Aujourd'hui, José Luis Duran, le nouveau PDG de Carrefour âgé de 42 ans, tente de redresser le détaillant.
Depuis sa nomination en février 2005, il a radicalement réduit les prix dans le marché de base français de Carrefour pour tenter de riposter à la présence accrue des détaillants à rabais rivaux. Il ajoute des points de vente de plus petite taille et espère transformer Carrefour -- deuxième distributeur mondial derrière Wal-Mart -- en une entreprise nettement plus vive et agile en donnant un pouvoir de décision aux gestionnaires des niveaux inférieurs.
«Si je devais résumer la mission de José Luis en une seule phrase, je dirais qu'il doit faire en sorte que l'entreprise soit moins dépendante d'un seul individu et plus tributaire des qualités intrinsèques de l'organisation», dit Luc Vandevelde, président du conseil de surveillance de Carrefour qui a embauché M. Duran à titre de PDG.
La société est en outre plus sélective sur le plan des marchés internationaux. M. Duran explique que la société ne demeurera implantée qu'au sein des pays où elle se classe parmi les trois premiers détaillants.
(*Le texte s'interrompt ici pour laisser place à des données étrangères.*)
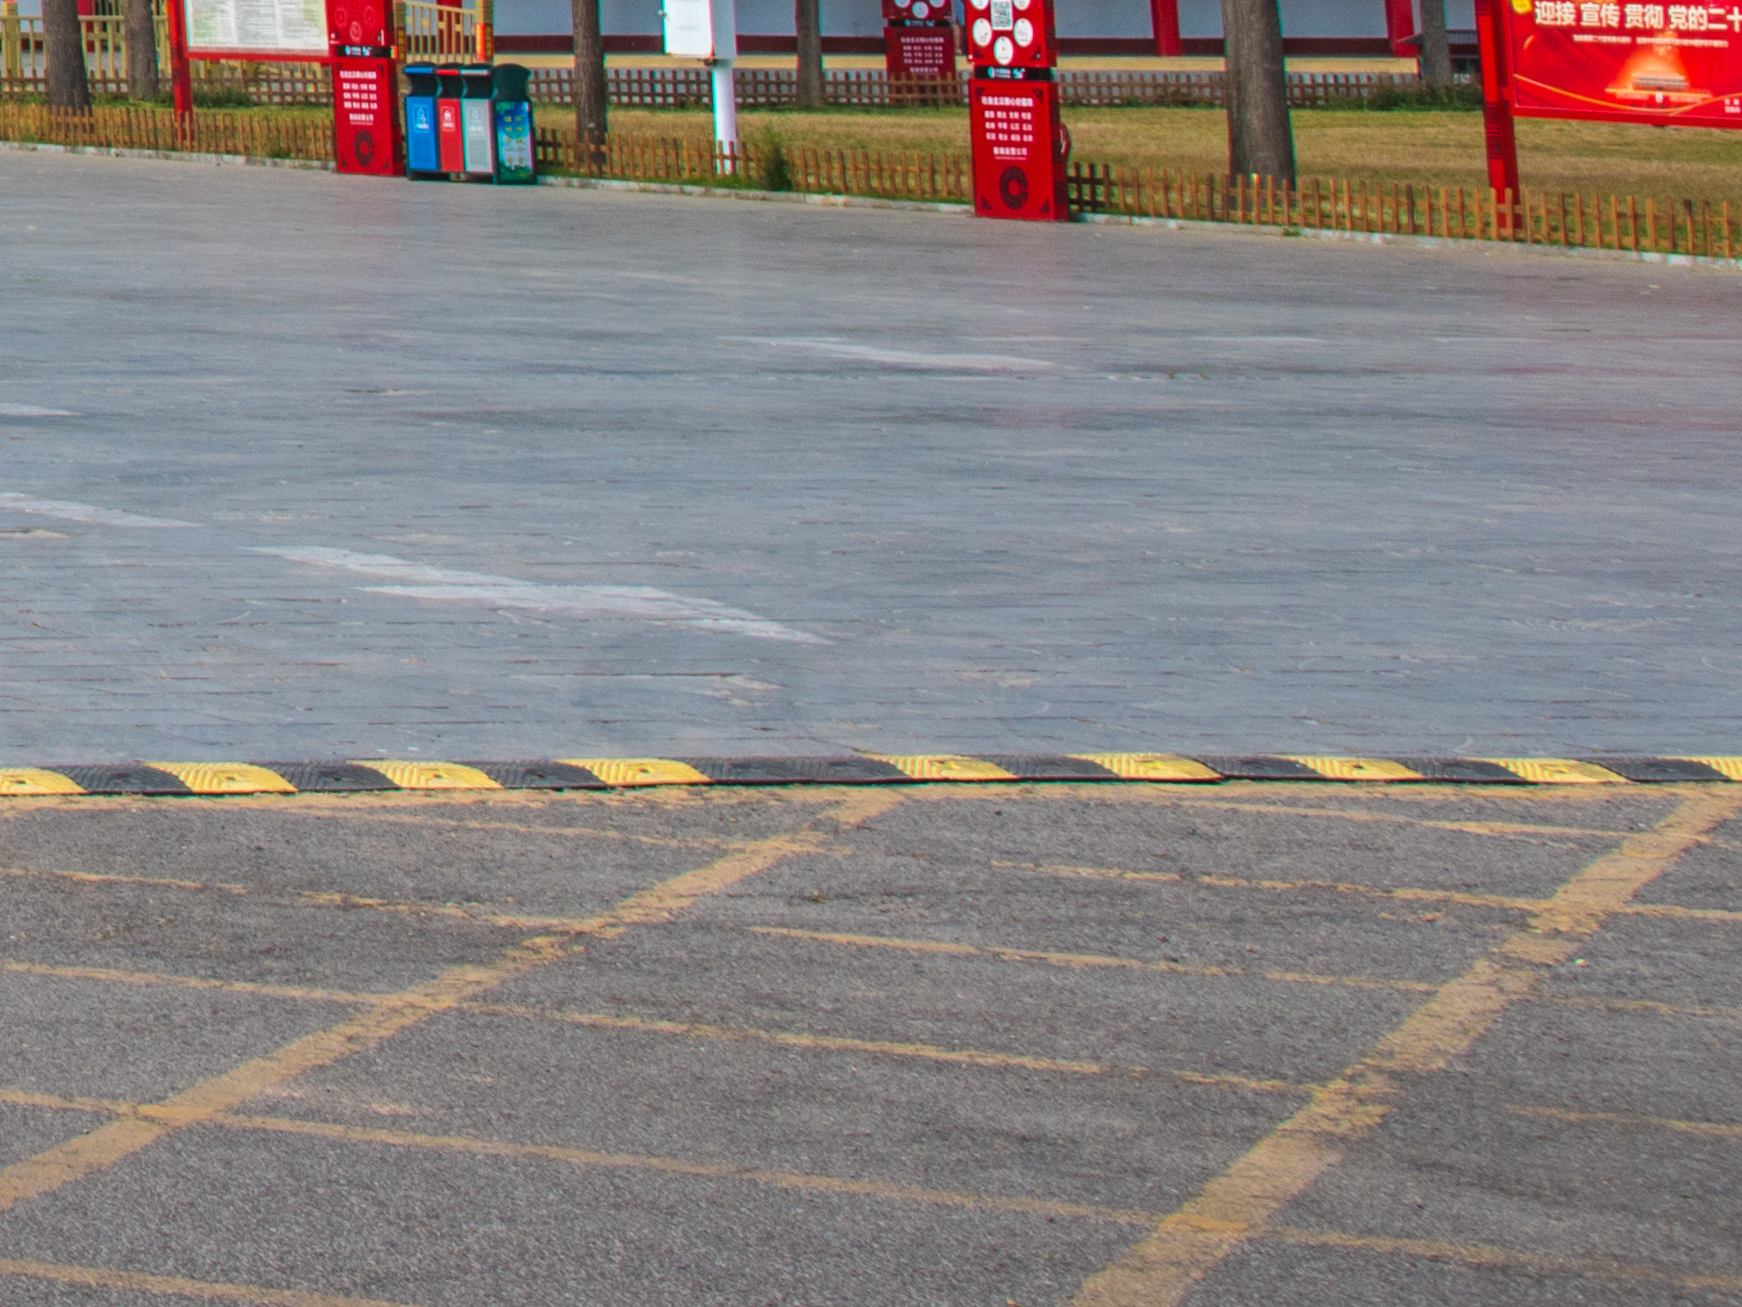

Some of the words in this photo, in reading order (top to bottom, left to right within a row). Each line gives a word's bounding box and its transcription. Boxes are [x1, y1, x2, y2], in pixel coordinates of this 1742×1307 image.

[1535, 0, 1576, 26] 迎接
[1580, 2, 1620, 28] 宣传
[1624, 4, 1664, 30] 贯彻
Les efforts de M. Duran portent déjà fruit. Le bénéfice net de l'entreprise pour les six premiers mois de l'année a bondi de 11 % comparativement à la même période l'année précédente alors que les ventes ont grimpé de près de 9 %, une première depuis les cinq dernières années. Carrefour détient à présent 14 % du marché français de l'alimentation, un sommet depuis 2002, alors que la croissance des ventes des détaillants à rabais concurrents ralentit.
Les sociétés rivales françaises ripostent en proposant de meilleurs prix et des offres distinctes. Dans les hypermarchés français Carrefour, les ventes de produits non alimentaires stagnent. Depuis l'arrivée de M. Duran, Carrefour s'est retirée de cinq marchés étrangers, dont le Mexique et la Corée du Sud, mais certains secteurs étrangers comme la Belgique et l'Italie connaissent encore des difficultés.
Une plus grande menace se profile toutefois à l'horizon : Wal-Mart mise sur le marché étranger pour pallier au ralentissement de sa croissance aux États-Unis.
Wal-Mart est davantage présente en Amérique du Nord et en Amérique latine, alors que Carrefour s'impose surtout en Europe et en Asie. Les deux sociétés croisent le fer dans les marchés de la Chine, du Brésil et de l'Argentine.
Dans sa lutte contre Wal-Mart pour accroître sa portée mondiale, Carrefour a récemment dû faire face à deux importants reculs. Tout d'abord, Wal-Mart a annoncé en novembre son intention de s'installer en Inde, un marché que Carrefour souhaite vivement investir. Et en octobre, Wal-Mart a convenu de faire l'acquisition d'une chaîne de magasins chinoise.
José Luis Duran est né à Madrid et a fréquenté l'école germanique selon le souhait de sa mère allemande.
En 1987, après avoir complété ses études en économie à l'ICADE, une des meilleures écoles de commerce de Madrid, M. Duran fut embauché par la filiale espagnole de la firme-conseil Arthur Andersen. Il travaillait pour deux clients -- la société ferroviaire espagnole et Pryca, filiale locale de Carrefour. Quatre années plus tard, Jean-Luc Chéreau, chef des services financiers de Pryca à l'époque, lui confia le poste de vérificateur de gestion de l'entreprise. Sa première mission : apprendre le français.
Au cours des dix années qui suivirent, M. Duran se vit confier différents postes dans le domaine de la finance au sein de l'entreprise. Au fil des ans, il implanta certains changements qui allèrent à l'encontre de la «tradition Carrefour» : il convainquit notamment M. Bernard de se retirer du Chili en 2003 puisque Carrefour n'y était pas un détaillant d'importance. À l'époque, Carrefour ne s'était jamais retirée d'un marché.